Wie entsteht ein Vertrag?

Ein Vertrag entsteht nicht einfach durch eine mündliche Zusage oder eine lockere Absprache. Laut deutschem Recht bedarf es immer zweier übereinstimmender Willenserklärungen, damit ein Vertrag rechtlich gültig ist. Diese beiden Erklärungen sind bekannt als Angebot und Annahme.

Stellen Sie sich vor, Sie möchten ein gebrauchtes Fahrrad kaufen. Der Verkäufer sagt: „Ich biete das Rad für 200 Euro.“ Das ist – unter bestimmten Voraussetzungen – eine rechtlich relevante Willenserklärung, also ein konkretes Angebot. Wenn Sie dann antworten: „Ich nehme das Angebot an“, haben Sie die zweite Willenserklärung abgegeben. Nun ist ein Vertrag geschlossen.

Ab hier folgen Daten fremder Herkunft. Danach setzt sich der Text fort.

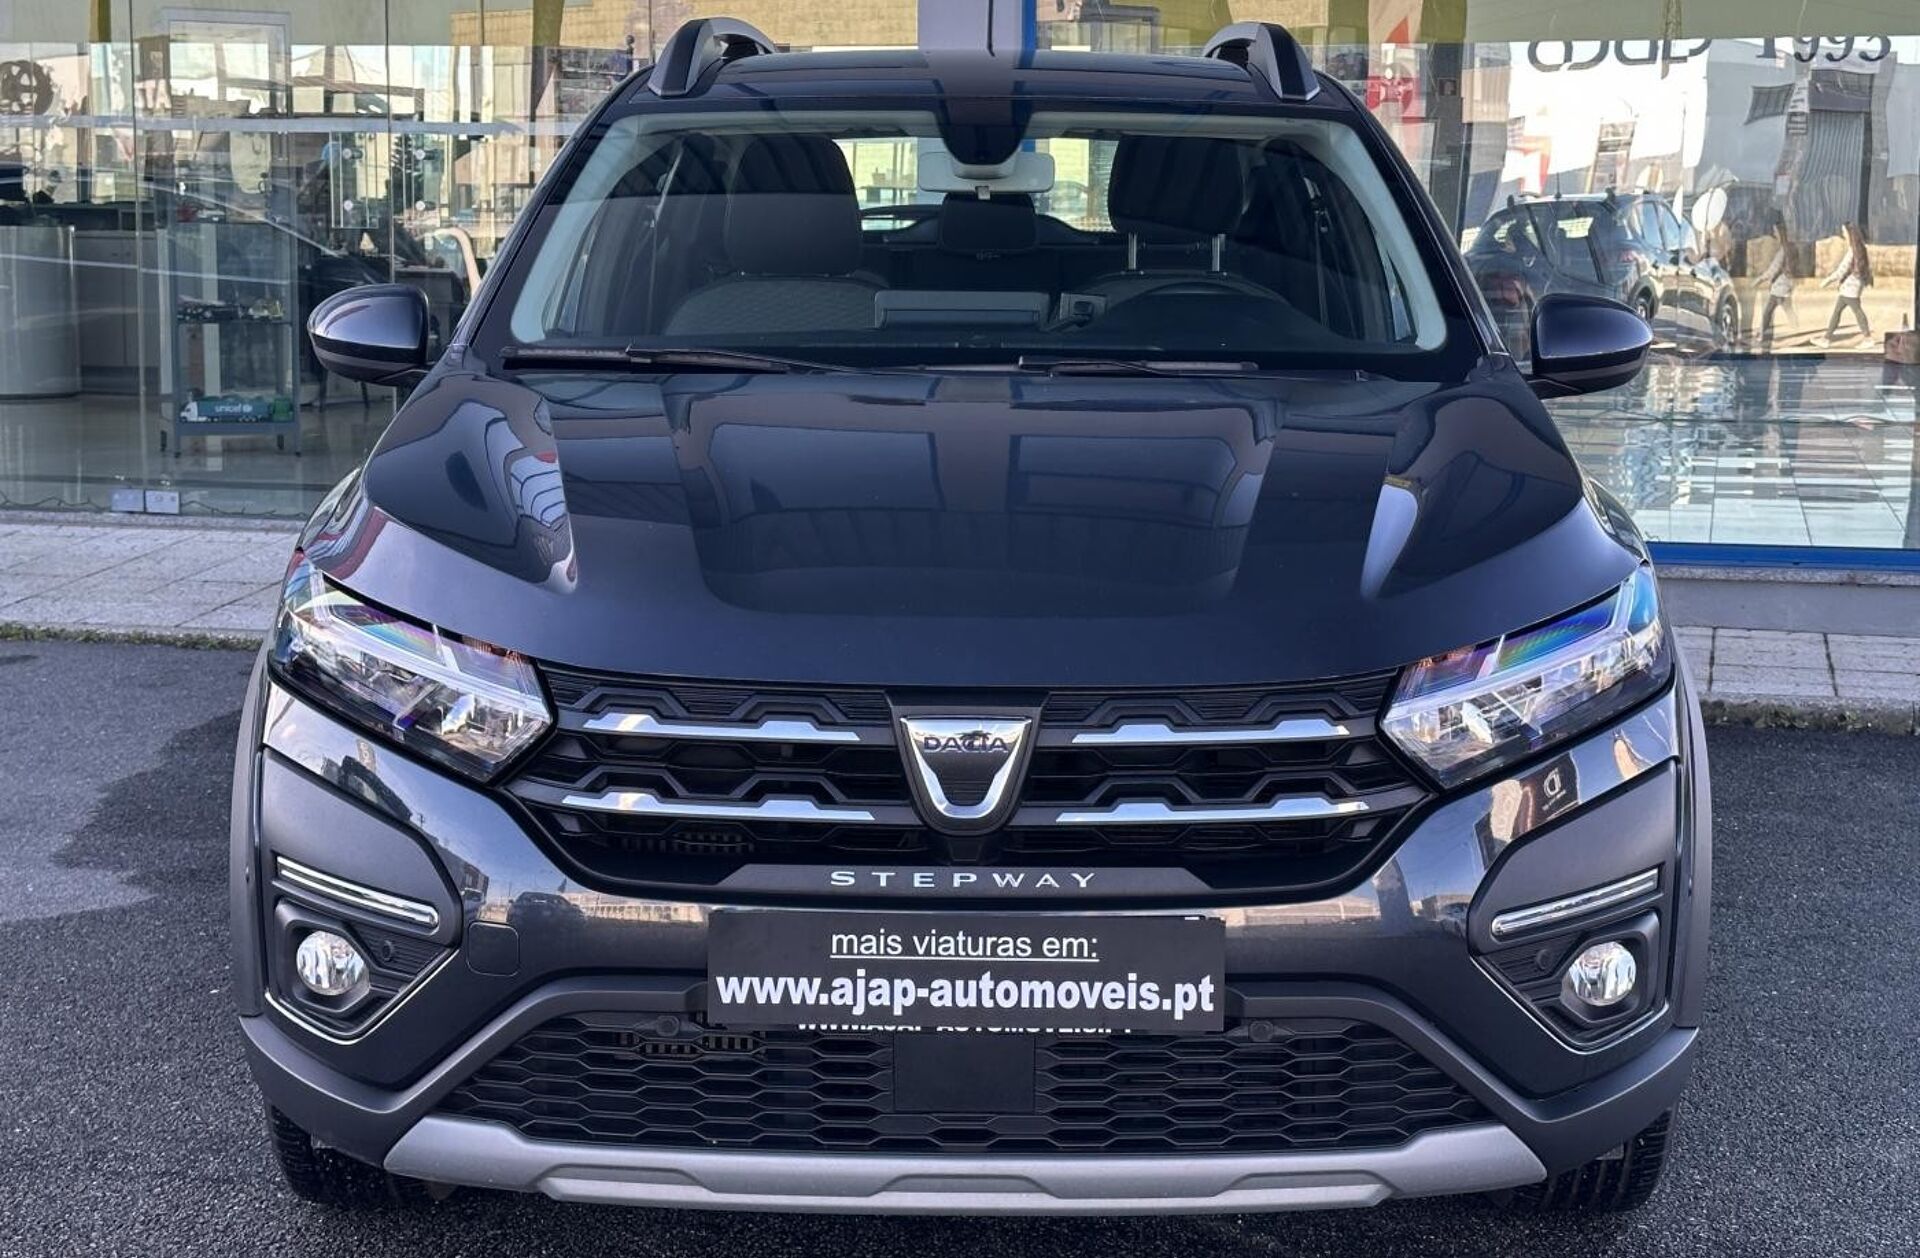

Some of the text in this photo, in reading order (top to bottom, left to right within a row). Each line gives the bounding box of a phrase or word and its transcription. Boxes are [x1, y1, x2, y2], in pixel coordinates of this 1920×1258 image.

Doch Vorsicht: Nicht jede Aussage ist automatisch ein rechtswirksames Angebot. Zum Beispiel sind Werbeaussagen wie „Rabatt auf alle Fahrräder!“ im juristischen Sinne oft keine Angebote, sondern lediglich Aufforderungen zum Handeln. Erst wenn Sie konkret ein Modell auswählen und der Händler es bestätigt, entstehen Angebot und Annahme.

Wichtig ist auch, dass beide Parteien wissen, worauf sie sich einlassen. Ein Vertrag kann nur zustande kommen, wenn Klarheit über den Gegenstand und die Konditionen besteht. Fehlt es an Übereinstimmung – etwa weil eine Seite etwas anderes verstanden hat – kann der Vertrag ungültig sein.

Im Alltag passiert dies oft unbemerkt: beim Einkaufen, beim Handyvertrag oder beim Autokauf. Doch hinter jeder verbindlichen Vereinbarung stecken dieselben Grundprinzipien – zwei klare, aufeinander abgestimmte Willenserklärungen.